Disease had slain his son, ill fortune the boy’s daughter and her man, leaving this one alone. Other blood had mingled with that of the Nemunuh over the generations: his own mother had been half Navajo, the daughter of a white man by his Indian wife. His eyes watched the girl. Eleeri he had named her, from the ancient tongue used only by those of power. There were few of those nowadays; in too many lines the gift had faltered and died. But in the child it had come again, flowering into the true horse-gift and into ties with other life.
The girl watched him, sorrow in the huge gray eyes. Her long black hair hung past her thin shoulder and she brushed the shining strands back with an impatient hand. As her hand lifted, powerful tendons stood out in the hollow of a wrist. The slenderness was a disguise; here was one who was all wire and whipcord. Long, long ago, women had been warriors and accepted so by the Nemunuh. Far Traveler had trained his great-granddaughter well. In these degenerate days none of the young men could match her in bow or knife skill. Nor could any, man or woman, match her with horse or hunt. He smiled up at her, then spoke, his voice weak but clear.
“I named you Eleeri. Now you must prove my naming.”
The child was puzzled. That her name meant “Walker by Strange Road” she had always known. But what road was she to walk? The old man smiled at the wrinkled brow.
“Go into the high hills, find there the beginning of the road of the gone-before ones. That you shall walk, leaving fear behind you. Walk as a warrior. As the last of my line shall you go forth with all I can give you.” A jerk of his head indicated a small heap in the darkened corner of the room. “At sunhigh let you go with the light, and Ka-dih bless you.” He sighed softly. “Would that you could ride, but I sold the last horse. Nor can you wait too long. The woman who calls on us will come today. You must be well gone before she arrives.”

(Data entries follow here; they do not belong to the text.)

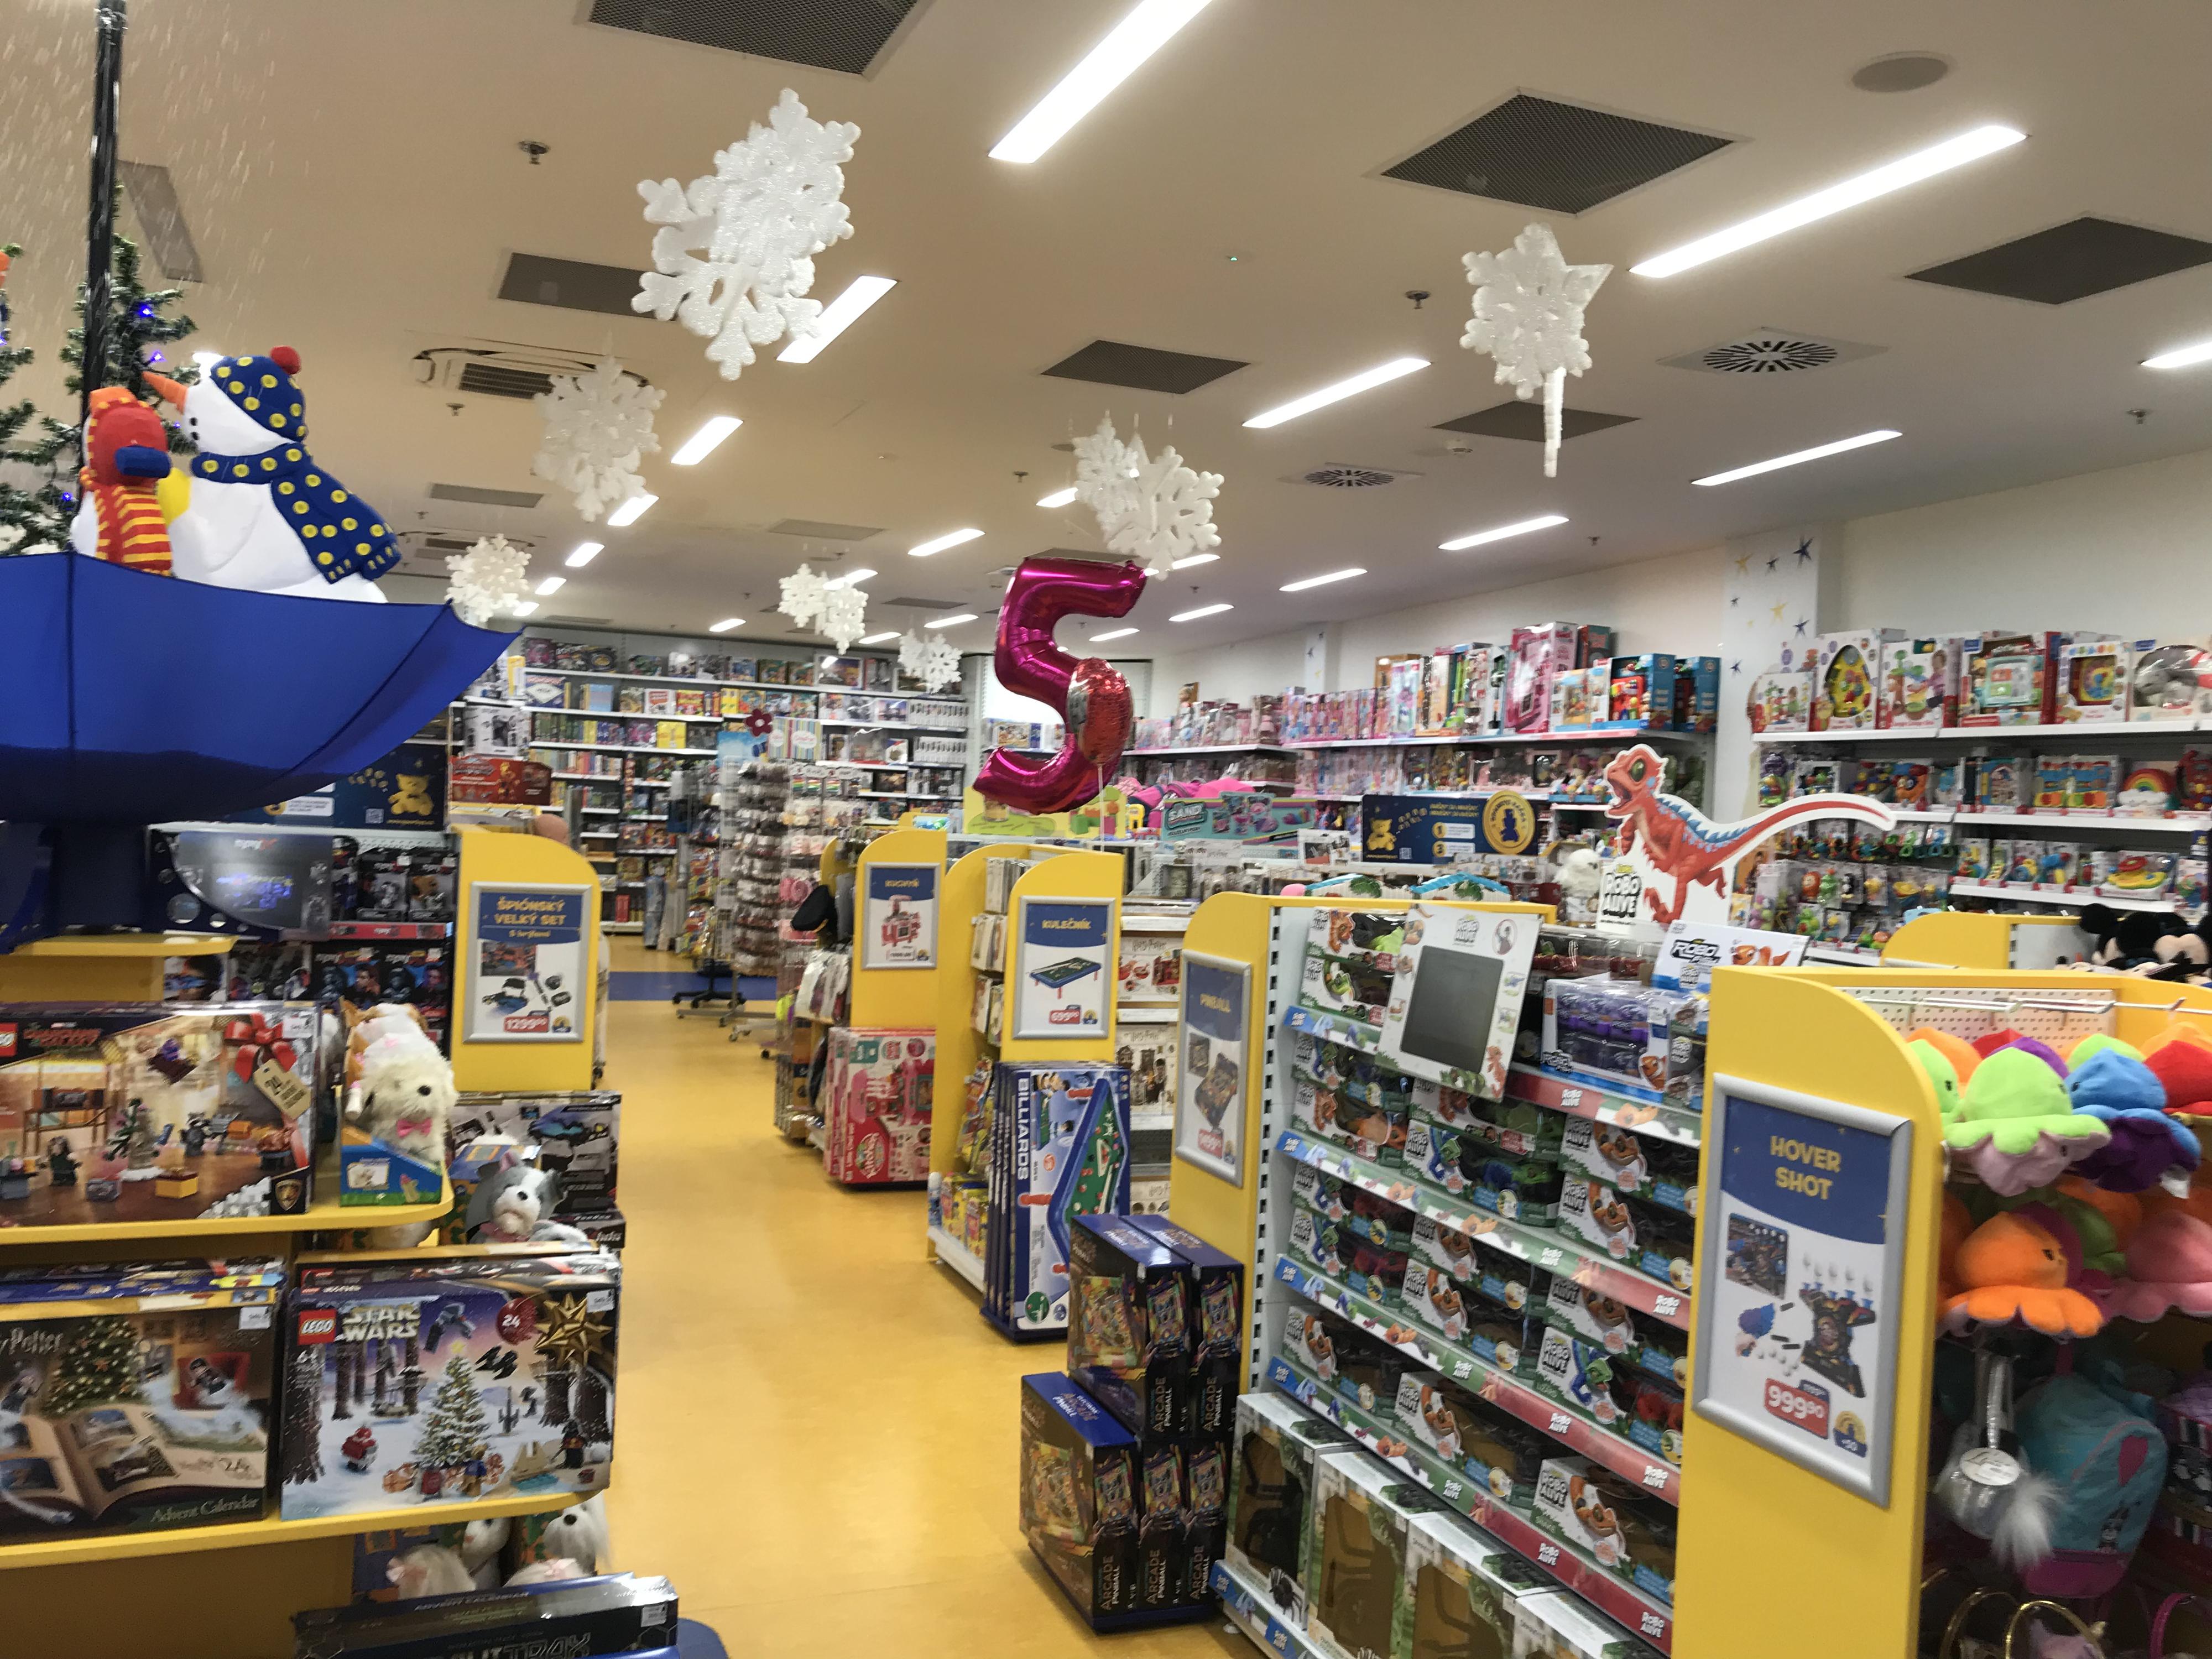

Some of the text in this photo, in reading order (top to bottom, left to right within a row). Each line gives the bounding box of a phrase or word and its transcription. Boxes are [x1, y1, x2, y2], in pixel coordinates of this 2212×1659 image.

[1605, 872, 1642, 896] ROBO
[494, 912, 566, 926] VELKÝ SET
[1602, 894, 1638, 918] ALIVE
[1042, 917, 1092, 930] KULEČNÍK
[1672, 940, 1719, 958] ROBO
[1017, 1077, 1030, 1181] BILLIARDS
[1770, 1135, 1841, 1173] HOVER
[1775, 1167, 1833, 1200] SHOT
[302, 1319, 335, 1334] LEGO
[343, 1305, 421, 1324] STAR
[502, 1314, 520, 1328] 24
[9, 1327, 63, 1355] Potter
[342, 1322, 420, 1343] WARS
[1152, 1376, 1167, 1433] ARCADE
[1202, 1376, 1218, 1433] ARCADE
[150, 1494, 260, 1522] Advent Calendar
[1100, 1555, 1114, 1610] ARCADE
[1146, 1548, 1161, 1604] ARCADE
[1190, 1545, 1205, 1600] ARCADE

Eleeri shivered. She must indeed. It had been only her great-grandfather who had saved her six years ago. She remembered the brutalities of her aunt and uncle. Her father had not disdained the Indian blood of the bride he had taken, but his sister and the rancher she had wed had been far otherwise. When Far Traveler died, by white man’s law she would fall back into their hands, being not quite sixteen. If there was a way to flee, she would take it.

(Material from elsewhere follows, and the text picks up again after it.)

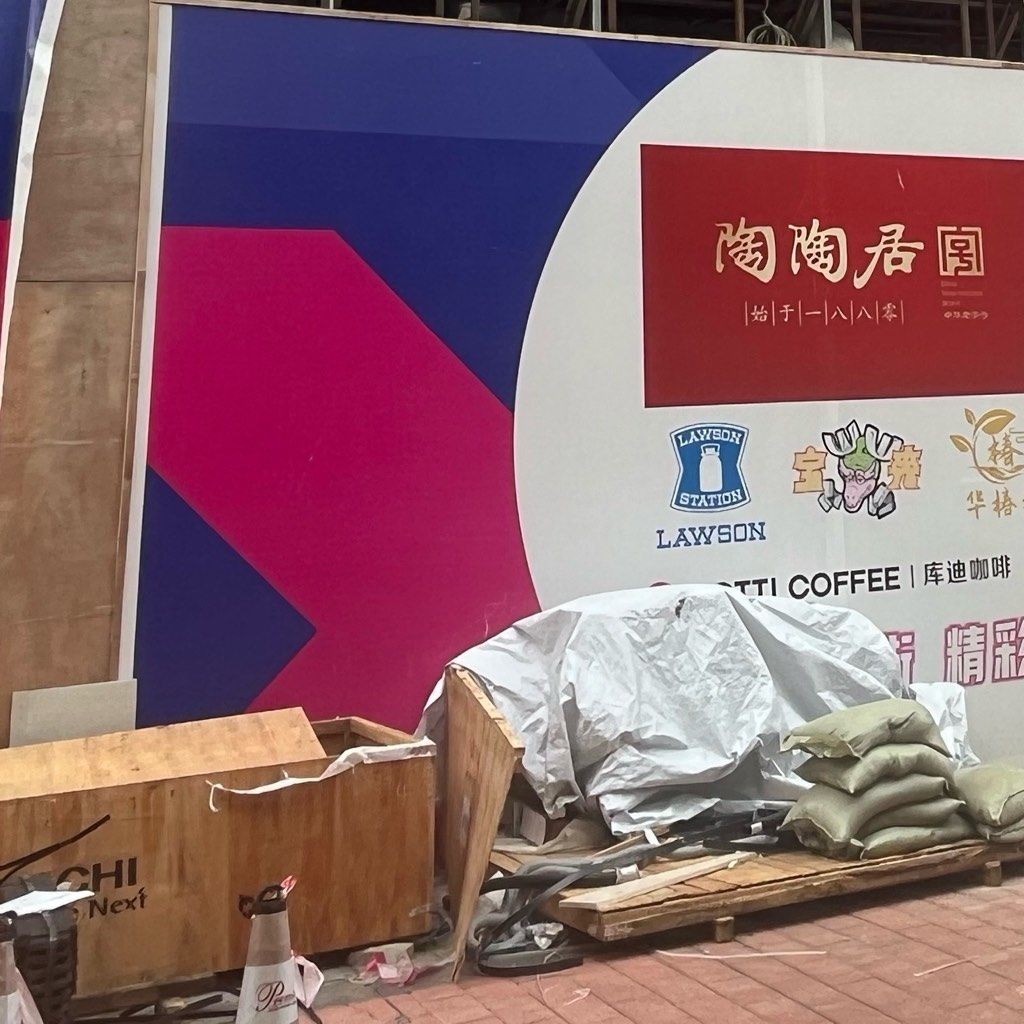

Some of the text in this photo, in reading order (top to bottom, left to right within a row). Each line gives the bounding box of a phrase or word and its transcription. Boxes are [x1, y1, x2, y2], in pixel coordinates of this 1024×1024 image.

A road of the gone-before ones? Her heart leaped. Many were the stories of those ancient people; even in the school she attended the truth was known. Some of it, at least. She had read there of the Anasazi, the books reinforcing the old tales Far Traveler had first heard from his mother. But that there was a road she had never known.
Black eyes twinkled in her great-grandfather’s seamed face. A face like a map of the hills and gullies of his land. Brown as the dust, yet alive as the land itself.
“Bring me my parfleche.” She brought the tanned deerskin war bag and waited. From it he drew out a piece of white deerskin tanned and scraped to perfect suppleness. He spread it on the bed and she gazed down. His hand lifted, wavering a little.
“Here . . .” his fingers touched, “here is our land. Follow the stream high into the hills. Upon the hillside, there is first the white stump of a great tree struck by lightning.” Eleeri nodded; she had seen that. “Farther up, there are the marks of a place where the hills fell long ago. Quartz seams the rocks above.” She nodded again. That, too, she had seen in her hunting. “Leave the stream and follow the map where it shows here.” Once again his fingers rested on the skin. He paused to breathe deeply and in the silence they both heard and recognized the sound that came to their ears.
Far Traveler cursed. “She comes, the meddling one. You must leave me and go.”
“I will not leave you to die alone.” She hurried to the door and peered out. Many miles down the road, the small red car labored to climb the steep grade. Eleeri seized a key from the hook and ran into the yard. Swiftly she locked the gate into the yard, before running back to her great-grandfather.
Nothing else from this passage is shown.